__TASK PROMPT__. The copy has to match the data exactly and leave out every picture.

-------- LISTED ENTRIES --------

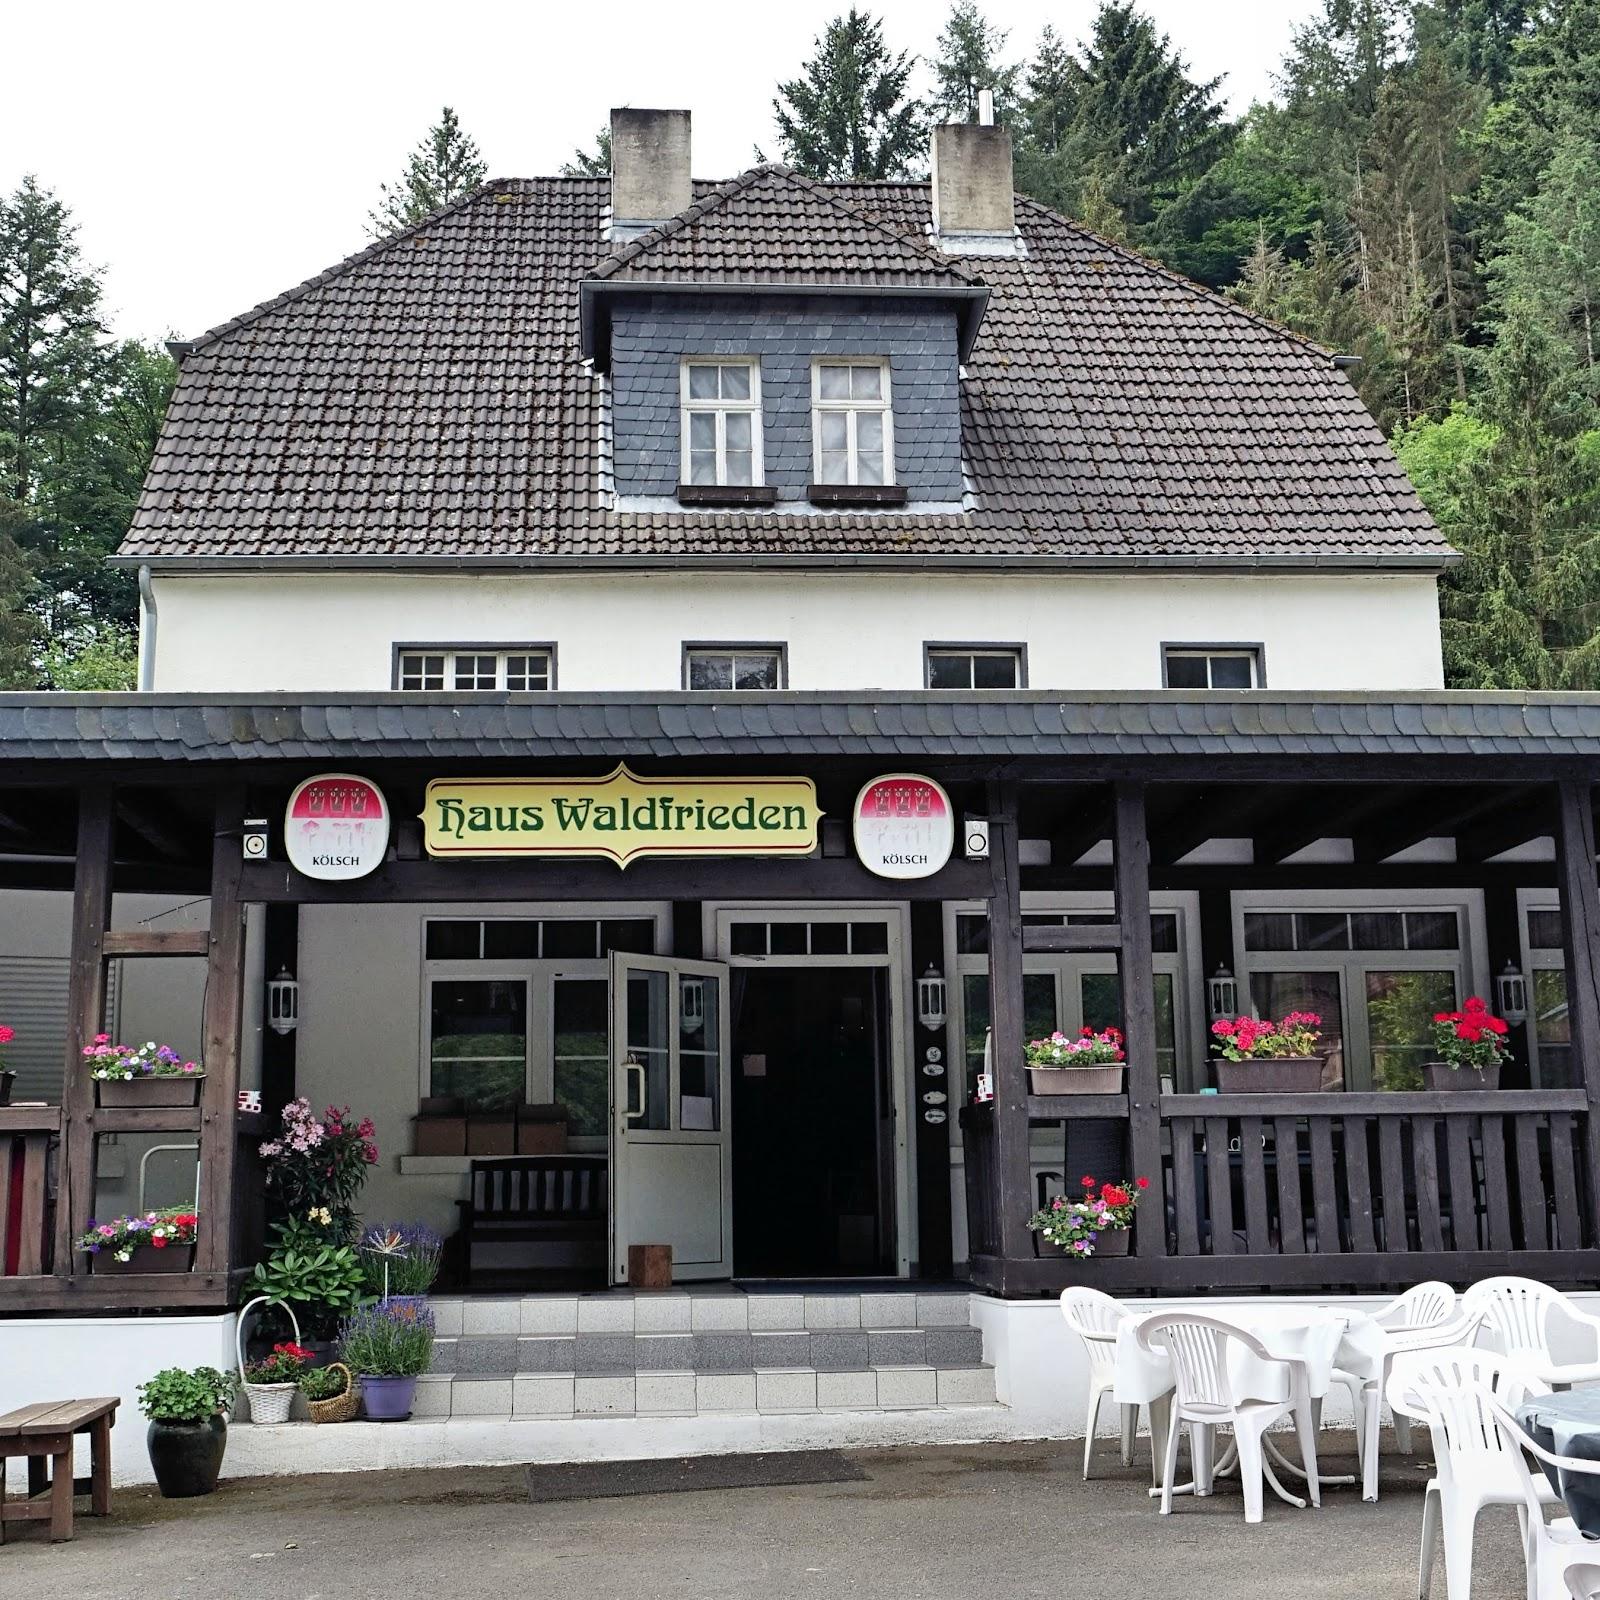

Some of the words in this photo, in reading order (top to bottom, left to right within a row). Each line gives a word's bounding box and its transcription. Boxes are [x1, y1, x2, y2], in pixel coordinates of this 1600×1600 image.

[551, 797, 807, 831] Waldfrieden
[312, 854, 360, 866] KÖLSCH
[882, 853, 928, 865] KÖLSCH
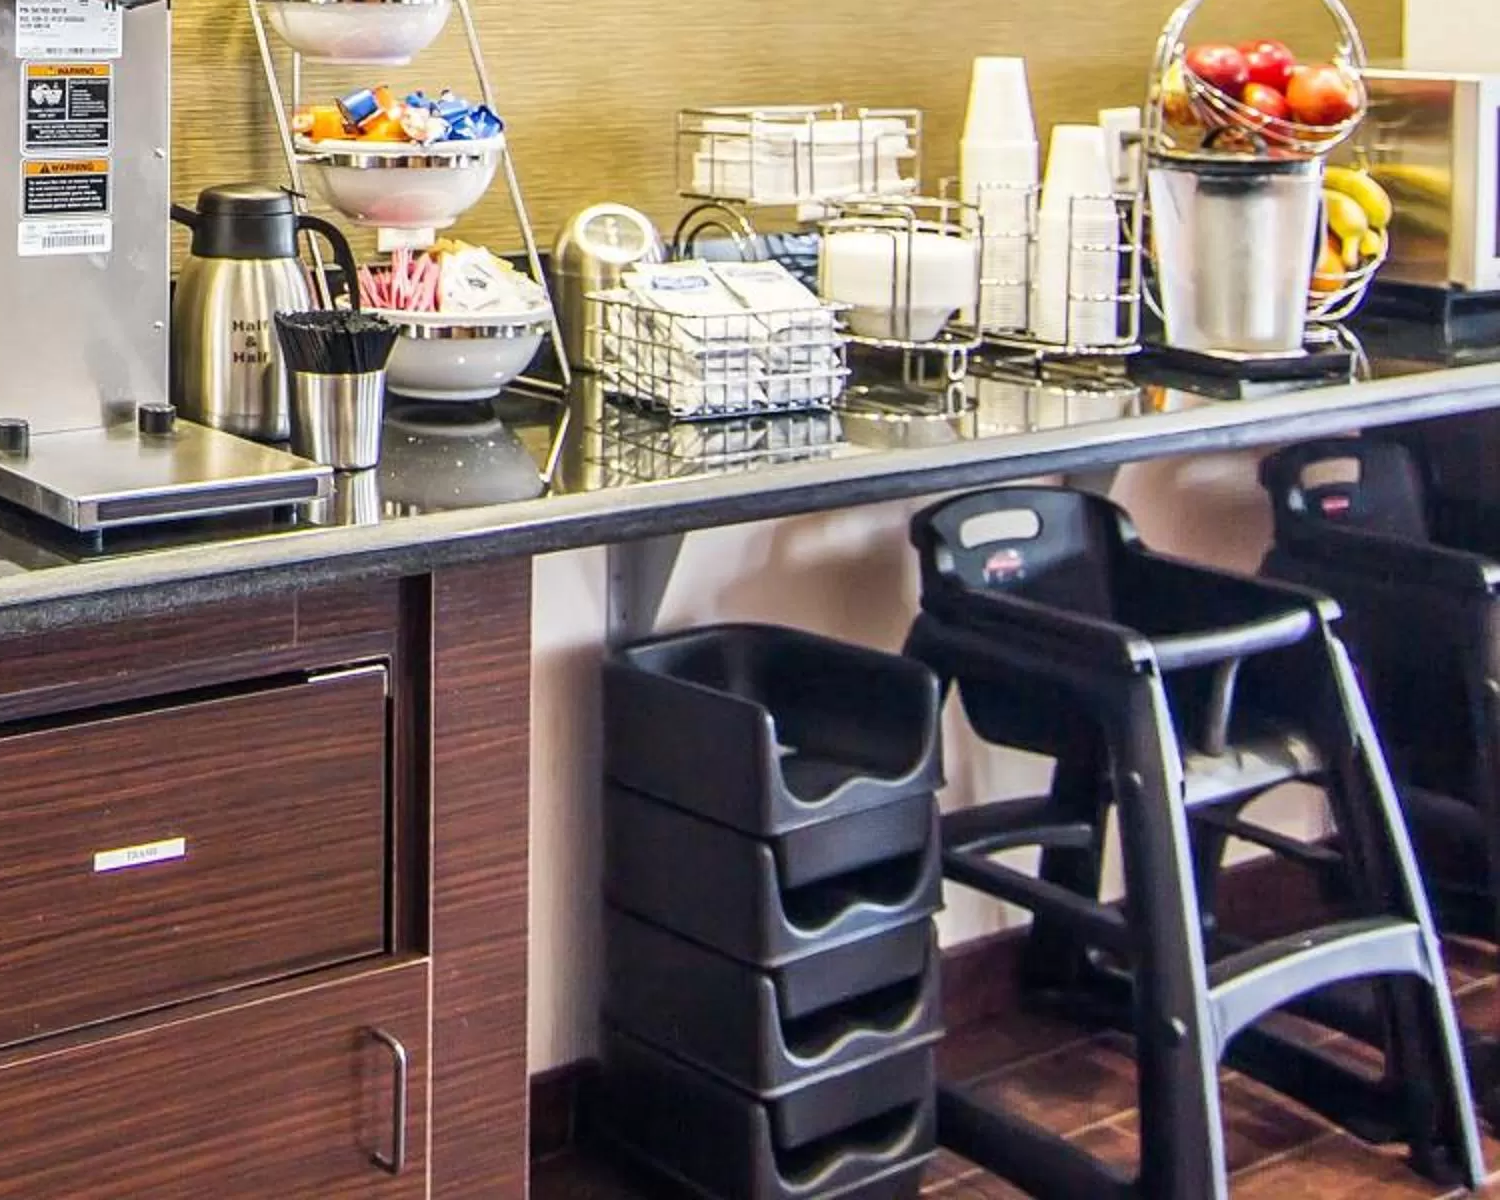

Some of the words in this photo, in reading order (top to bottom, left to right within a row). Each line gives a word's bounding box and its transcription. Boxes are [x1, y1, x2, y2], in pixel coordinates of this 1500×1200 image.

--------

__FINISHED TASK__.
Some of the words in this photo, in reading order (top to bottom, left to right within a row). Each line gives a word's bounding box and its transcription. Boxes are [x1, y1, x2, y2], in pixel coordinates of this 1600×1600 image.

[551, 797, 807, 831] Waldfrieden
[312, 854, 360, 866] KÖLSCH
[882, 853, 928, 865] KÖLSCH

Some of the words in this photo, in reading order (top to bottom, left to right within a row). Each line gives a word's bounding box and its transcription. Boxes are [x1, y1, x2, y2], in pixel coordinates of this 1500×1200 image.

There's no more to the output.